Event-Driven Architecture on GCP: Mastering Cloud Pub/Sub for Real-Time Systems

Executive Summary: Google Cloud Pub/Sub provides the foundation for event-driven architectures at any scale, offering globally distributed messaging with exactly-once delivery semantics and sub-second latency. This comprehensive guide explores Pub/Sub’s enterprise capabilities, from dead letter queues and message ordering to BigQuery subscriptions and schema enforcement. After building event-driven systems across multiple cloud platforms, I’ve found Pub/Sub delivers the most operationally simple yet powerful messaging service available. Organizations should leverage Pub/Sub for decoupling microservices, streaming data pipelines, and real-time event processing while implementing proper message schema governance and monitoring from the start.

Pub/Sub Architecture: Topics, Subscriptions, and Delivery Guarantees

Pub/Sub implements a publish-subscribe pattern where publishers send messages to topics and subscribers receive messages through subscriptions. This decoupling enables independent scaling of producers and consumers while providing durable message storage. Messages persist for up to 31 days (configurable), ensuring subscribers can recover from extended outages without data loss.

The service offers two subscription types optimized for different consumption patterns. Pull subscriptions give subscribers control over message retrieval rate, ideal for batch processing and workloads with variable processing capacity. Push subscriptions deliver messages to HTTP endpoints automatically, simplifying integration with Cloud Run, Cloud Functions, and external services. Push subscriptions handle retry logic and backoff automatically, reducing operational complexity.

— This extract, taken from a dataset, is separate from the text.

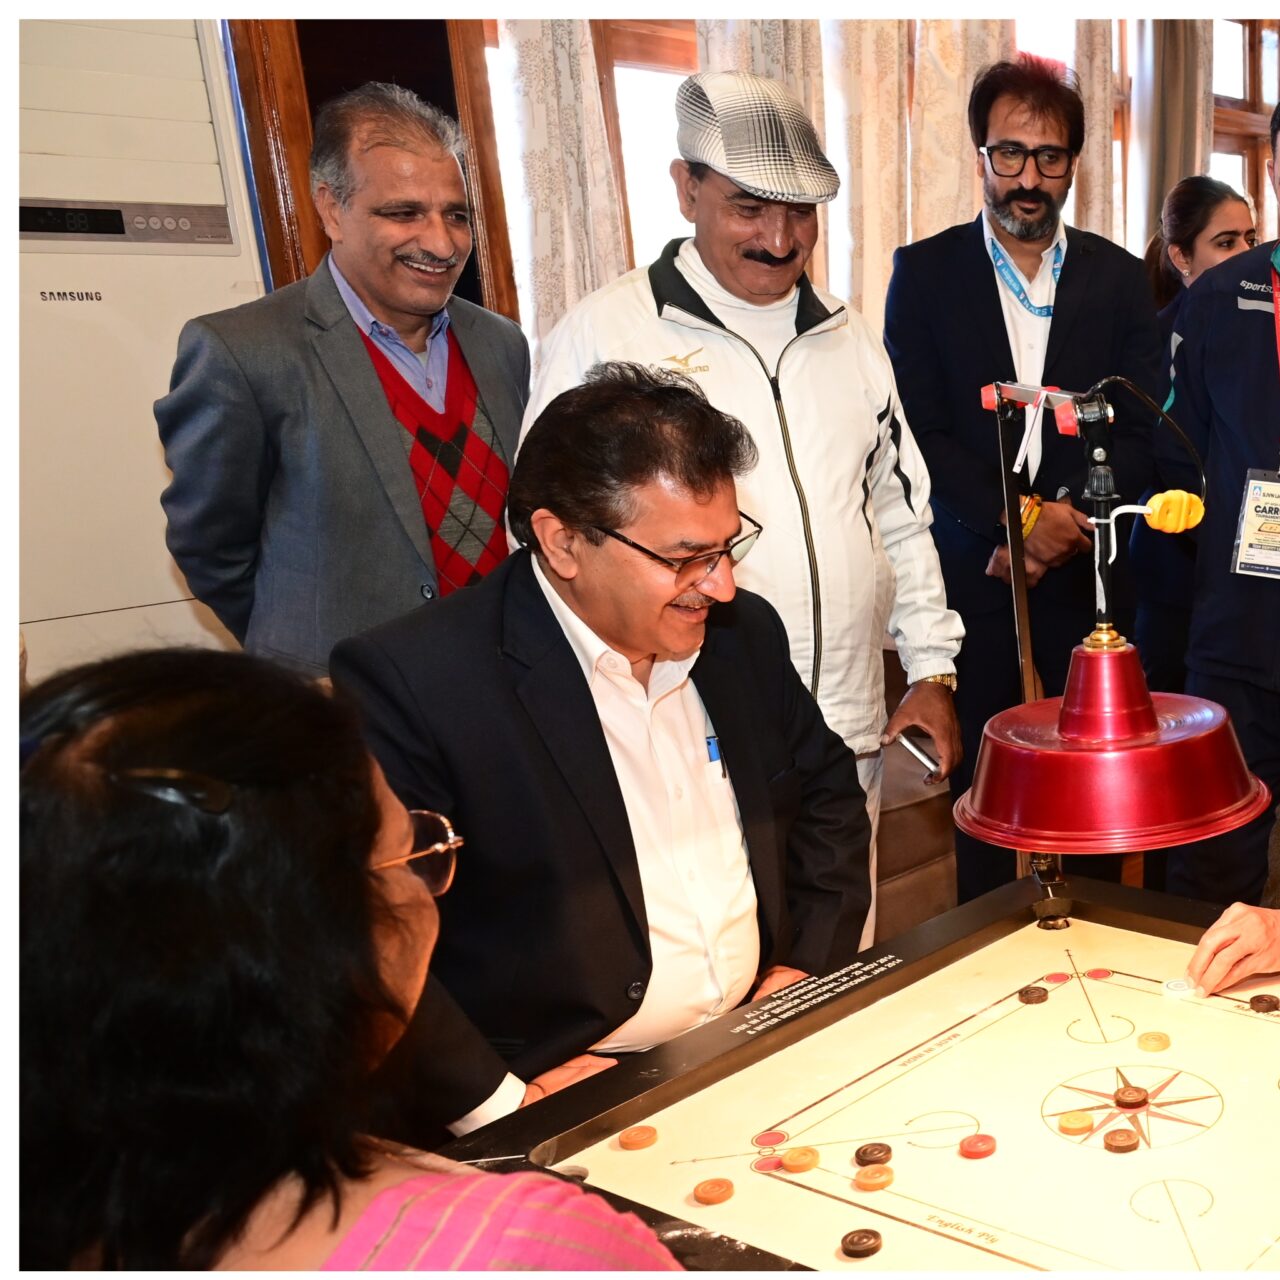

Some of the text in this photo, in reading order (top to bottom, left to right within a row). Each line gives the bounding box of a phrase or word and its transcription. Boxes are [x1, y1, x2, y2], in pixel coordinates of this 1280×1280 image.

Delivery guarantees vary by configuration. By default, Pub/Sub provides at-least-once delivery—messages may be delivered multiple times during retries or redeliveries. Exactly-once delivery, available with specific configurations, eliminates duplicates but requires careful subscriber implementation. Message ordering guarantees in-order delivery for messages with the same ordering key, essential for event sourcing and state machine patterns where sequence matters.

Advanced Features for Enterprise Workloads

Dead letter topics capture messages that fail processing after configurable retry attempts. This prevents poison messages from blocking subscription progress while preserving failed messages for analysis and reprocessing. Configure dead letter policies with appropriate max delivery attempts—I recommend 5-10 attempts with exponential backoff before routing to dead letter topics.

Schema enforcement validates message structure at publish time, preventing malformed messages from entering the system. Pub/Sub supports Avro, Protocol Buffers, and JSON schemas with schema registry integration. Schema evolution with compatibility checking ensures backward and forward compatibility as your message formats evolve. This is critical for large organizations where multiple teams publish to shared topics.

BigQuery subscriptions write messages directly to BigQuery tables without intermediate processing, ideal for analytics pipelines and audit logging. Messages are batched and written efficiently, with automatic schema mapping for JSON payloads. This eliminates the need for custom Dataflow pipelines for simple message archival use cases, reducing both complexity and cost.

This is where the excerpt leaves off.